May 27, 2013

Government-imposed restrictions on Muslim communities in Rakhine State are preventing tens of thousands of people from accessing health care and other basic services

YANGON, MYANMAR/NEW YORK, MAY 28, 2013—Nearly a year after interethnic clashes broke out in Myanmar's Rakhine State, government-imposed restrictions on Muslim communities are preventing tens of thousands of people from accessing health care and other basic services, the international medical humanitarian organization Doctors Without Borders/Médecins Sans Frontières (MSF) said today.

An estimated 140,000 displaced people are living in makeshift camps after fleeing intercommunal violence. The vast majority are Rohingya, members of a Muslim minority community not recognized by the government of Myanmar as citizens. The government confines the Rohingya to the camps and severely restricts the movement of tens of thousands of others still living in their homes. The population is cut off from health facilities, food, markets, farming fields, and, in some cases, clean water.
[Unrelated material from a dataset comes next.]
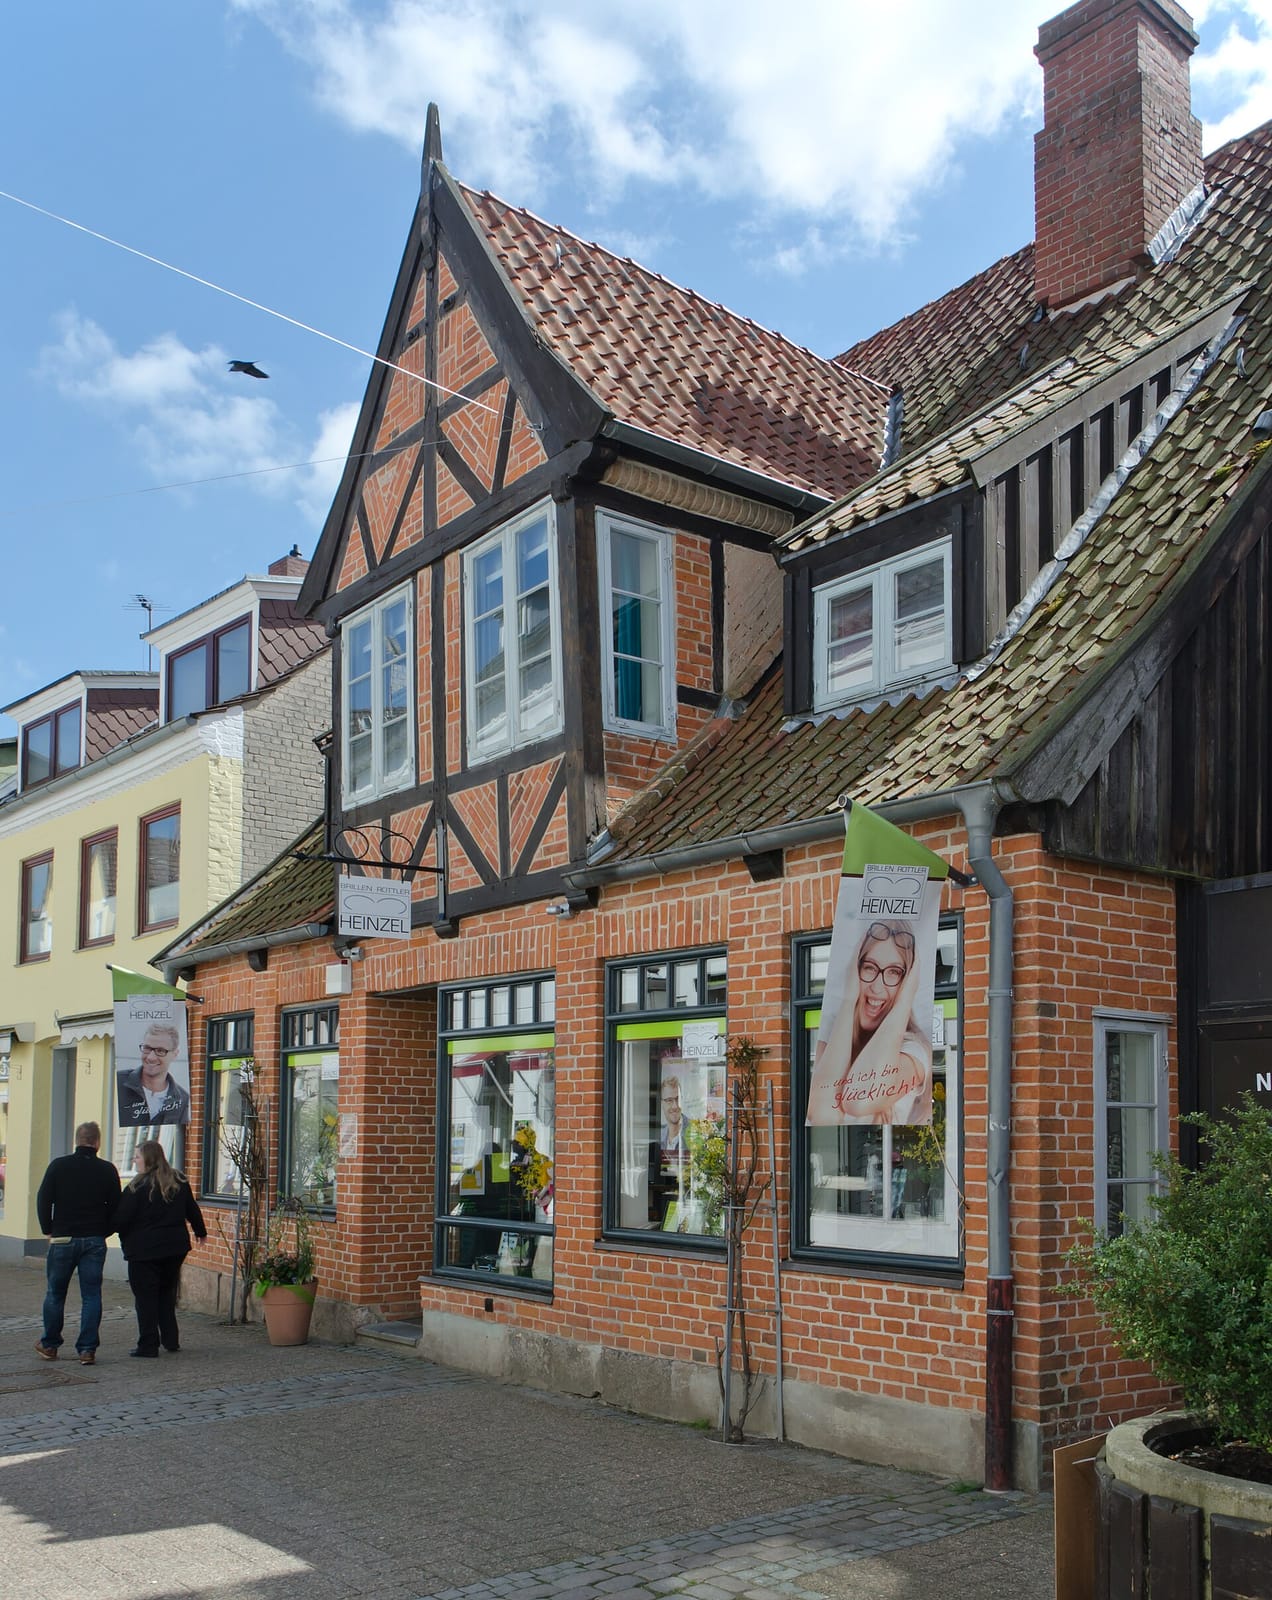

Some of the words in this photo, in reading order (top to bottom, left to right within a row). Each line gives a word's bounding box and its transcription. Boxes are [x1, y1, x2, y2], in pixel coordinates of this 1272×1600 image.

"MSF has just returned from areas where whole villages are cut off from basic services," said Ronald Kremer, MSF emergency coordinator in Rakhine State. "What we have seen shows that current policies such as movement restrictions are having a detrimental impact on people's health. This includes tuberculosis patients unable to access the treatment they need to stay alive, and pregnant women dying unnecessarily because they have nowhere safe to deliver."

Restrictions on the movement of Muslims were first imposed in townships around the state capital Sittwe in June 2012 following the first clashes, and intensified after further violence in October. Residents have described to MSF the burdensome impact of the restrictions on their everyday activities.

"We are only able to get to our farms very occasionally, and then only two or three of us at a time, and with military escorts," said a man in Myebon township. "We cannot go to the hospital, to school, to fish, to collect firewood. Sometimes we just want to die.”

In other areas, people are simply too scared to move. In one village, residents told MSF staff that they stopped leaving their village after being assaulted as many as 14 times. Three residents died after they were unable to reach the hospital for treatment for urgent medical conditions.

Displaced people are particularly vulnerable as the monsoon season begins. While the recent Tropical Storm Mahasen did not have the devastating impact that was forecast, the risks posed by further tropical storms or cyclones remain high, particularly for people living in makeshift shelters.

"This fear is so pervasive that even when people were living in the path of Tropical Storm Mahasen, many told us they were too scared to move," Kremer said. "They did not know where they would be moved to, or what would happen to them."

The Myanmar government should ensure that displaced people, and those cut off from services, have proper shelter and access to health care and are able to move freely, without fear of attack, MSF said.

MSF has been providing health care in Myanmar since 1992 to millions of people from many ethnic origins. Across Myanmar, MSF provides more than 28,000 people living with HIV/AIDS with lifesaving anti-retroviral treatment. It was among the first responders to cyclones Nargis and Giri, providing medical assistance, survival items, and clean water sources for tens of thousands of people.

MSF has worked for the past 20 years in Rakhine State, providing primary and reproductive health care as well as HIV/AIDS and tuberculosis treatment. Prior to June 2012, MSF conducted approximately 500,000 medical consultations each year. Since 2005, MSF has treated more than 1.2 million people from all ethnic groups in Rakhine State for malaria.